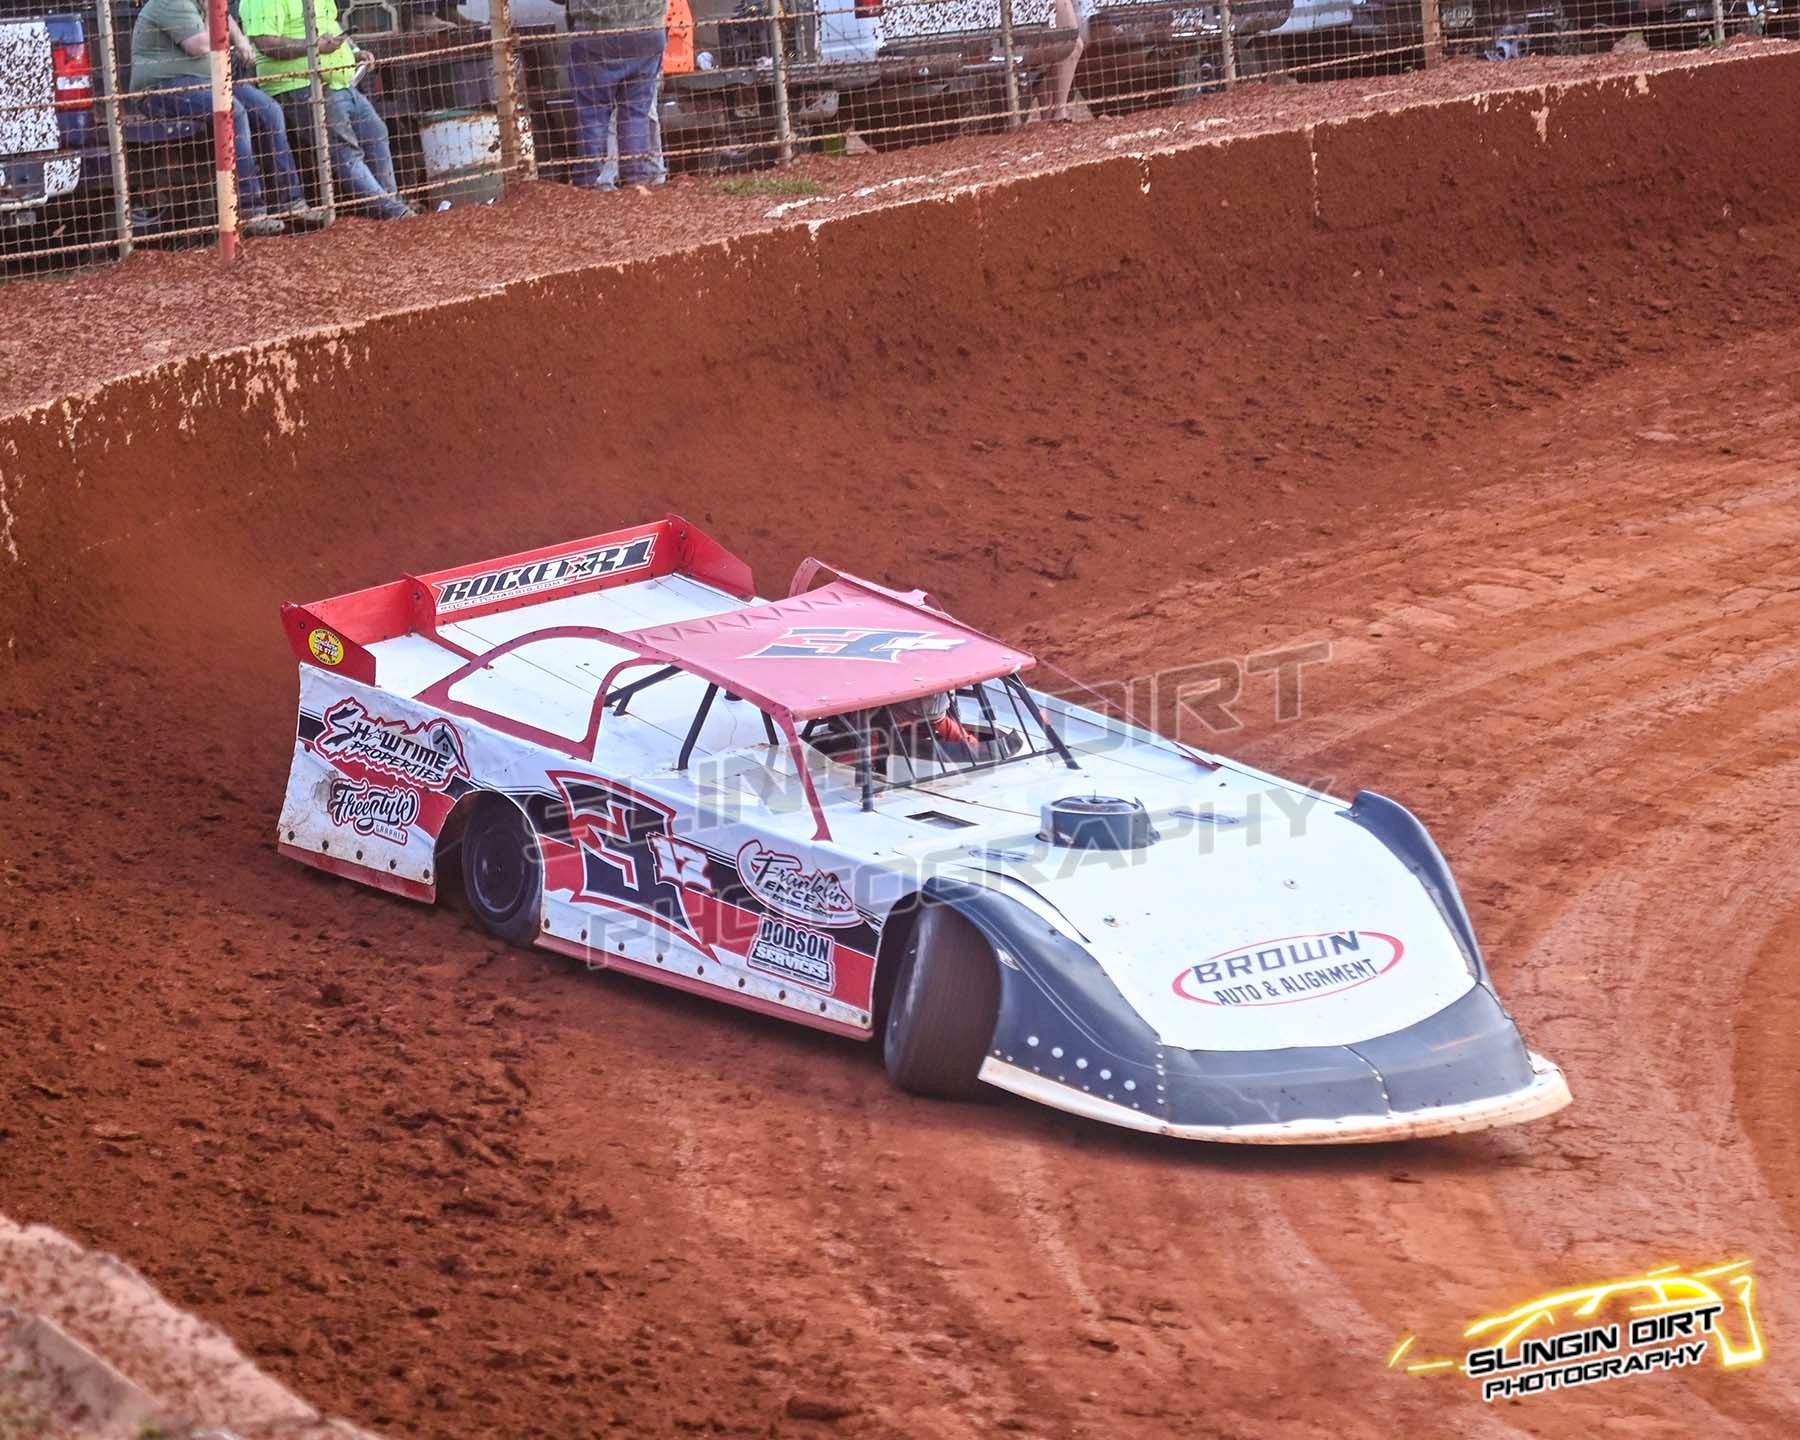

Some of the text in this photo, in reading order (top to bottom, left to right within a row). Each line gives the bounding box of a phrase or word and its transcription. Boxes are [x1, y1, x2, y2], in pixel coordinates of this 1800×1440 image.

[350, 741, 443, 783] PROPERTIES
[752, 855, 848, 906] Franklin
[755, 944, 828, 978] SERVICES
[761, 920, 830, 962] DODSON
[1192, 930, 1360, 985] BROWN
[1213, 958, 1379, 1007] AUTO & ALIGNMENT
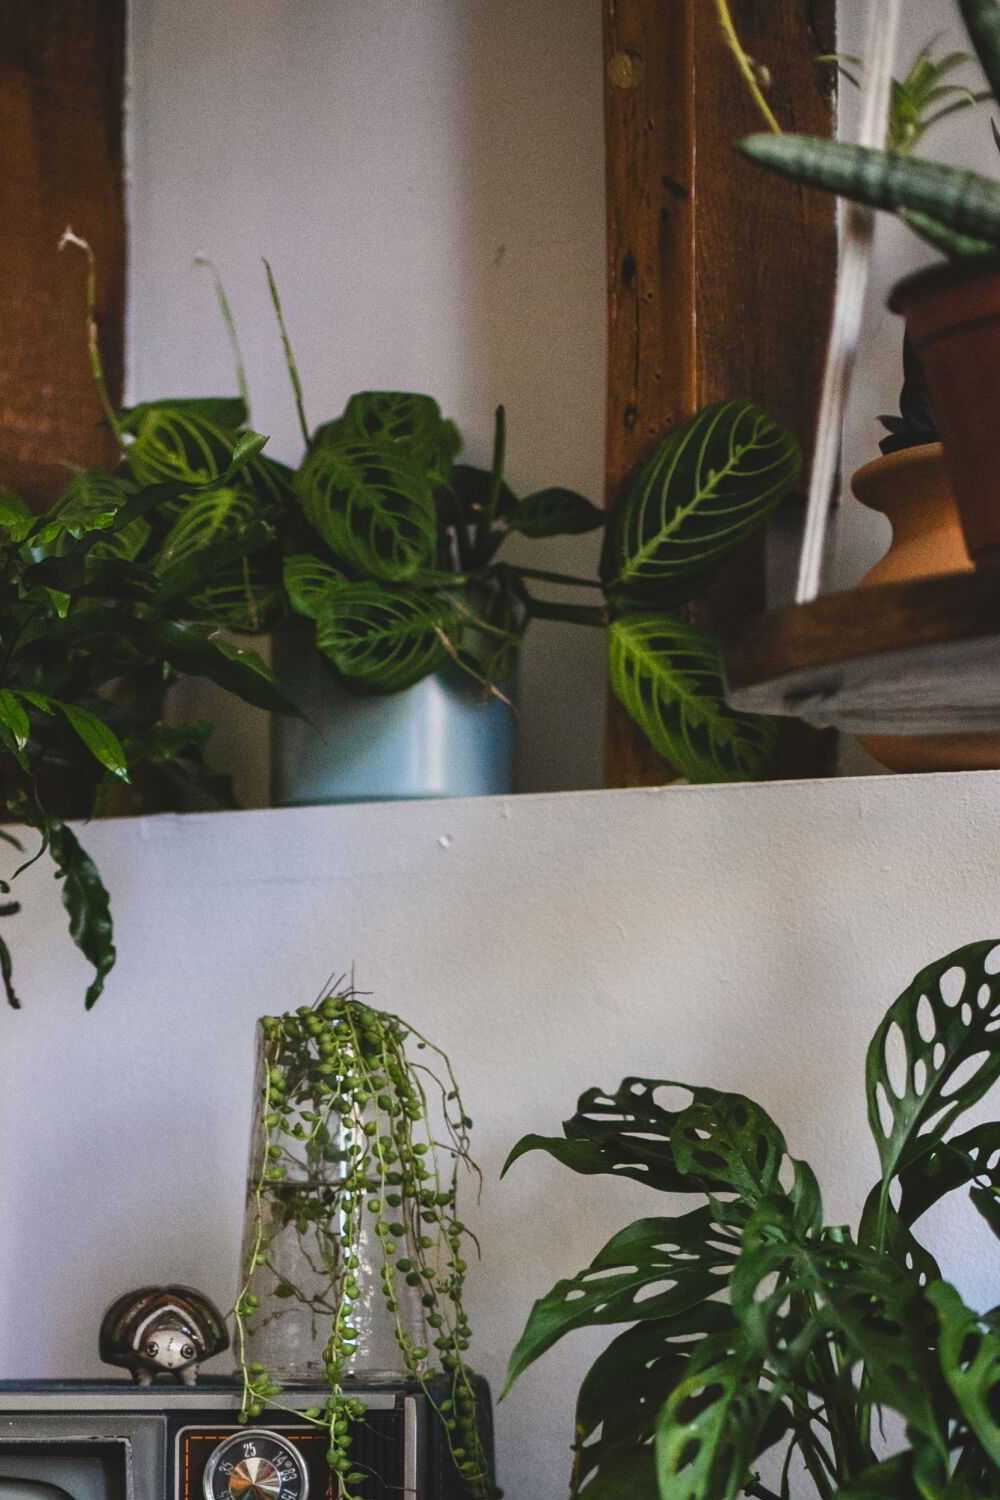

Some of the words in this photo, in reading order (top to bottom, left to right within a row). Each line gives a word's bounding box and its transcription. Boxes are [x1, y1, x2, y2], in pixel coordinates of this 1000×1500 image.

— PROBLEM TO SOLVE —
Except for the pictures, set down all of the records exactly as they are.

— EXERCISE RESPONSE —
Some of the text in this photo, in reading order (top to bottom, left to right within a row). Each line gives the bounding box of a phrase or word and its transcription. Boxes are [x1, y1, x2, y2], in pixel coordinates of this 1800×1440 image.

[350, 741, 443, 783] PROPERTIES
[752, 855, 848, 906] Franklin
[755, 944, 828, 978] SERVICES
[761, 920, 830, 962] DODSON
[1192, 930, 1360, 985] BROWN
[1213, 958, 1379, 1007] AUTO & ALIGNMENT

Some of the words in this photo, in reading order (top to bottom, left to right within a row). Each line gives a word's bounding box and its transcription. Boxes are [x1, y1, x2, y2], in pixel coordinates of this 1000×1500 image.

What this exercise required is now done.